Na segunda-feira, reuniram-se em Genebra a vice-secretária de Estado norte-americana, Wendy Sherman e o vice-ministros dos Negócios Estrangeiros russo, Sergei Riabkov. Na quarta-feira, a NATO e Moscovo mantiveram conversações em Bruxelas e após o final da reunião as partes constataram as suas profundas "diferenças" sobre a segurança na Europa.

"Nós gostaríamos, no entanto, que o bom senso prevalecesse", acrescentou Peskov, enfatizando que a Rússia "nunca deixou de ter" e "não deixará de ter vontade política para continuar o diálogo".

Acusada pelos norte-americanos e europeus de planear um ataque à vizinha Ucrânia, aliado do Ocidente, a Rússia respondeu que o envio de dezenas de milhares de tropas russas para a fronteira foi uma reação à presença crescente e hostil da NATO, numa zona que Moscovo considera ser a da sua área de influência.
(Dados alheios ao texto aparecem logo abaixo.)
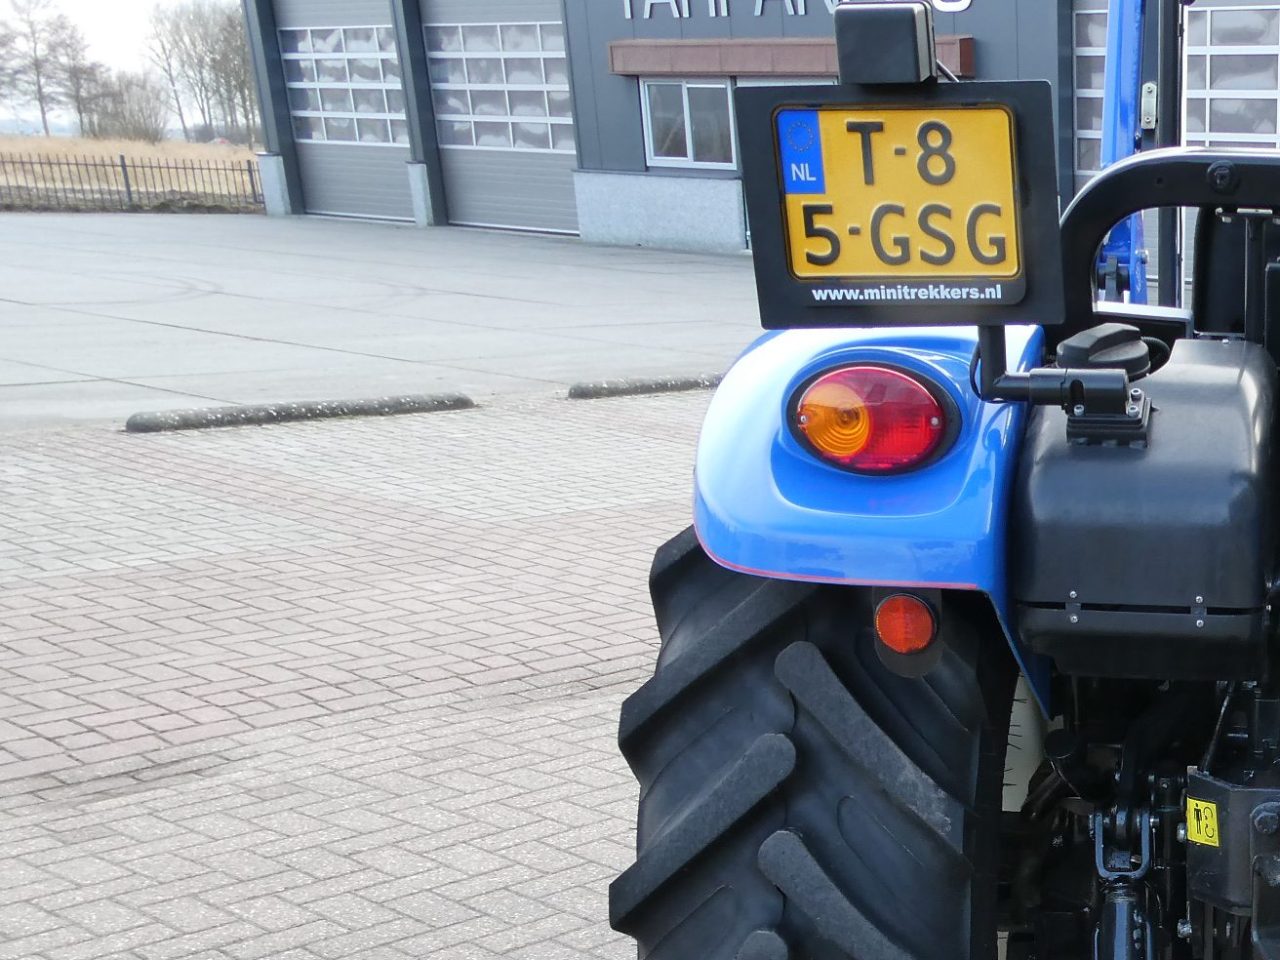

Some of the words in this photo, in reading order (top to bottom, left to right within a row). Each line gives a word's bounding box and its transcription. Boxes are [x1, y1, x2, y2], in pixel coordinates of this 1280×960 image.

A Rússia garantiu que não "pretende" atacar a Ucrânia, mas está a exigir a assinatura de um tratado que proíba qualquer expansão futura da NATO na zona, um pedido considerado inaceitável pelo Ocidente.

Os ministros dos Negócios Estrangeiros da União Europeia (UE) discutem esta quinta-feira a ​​​​​​​tensão na fronteira leste, numa reunião informal em França onde também refletirão, com os ministros da Defesa, sobre o reforço da autonomia estratégica do bloco neste domínio.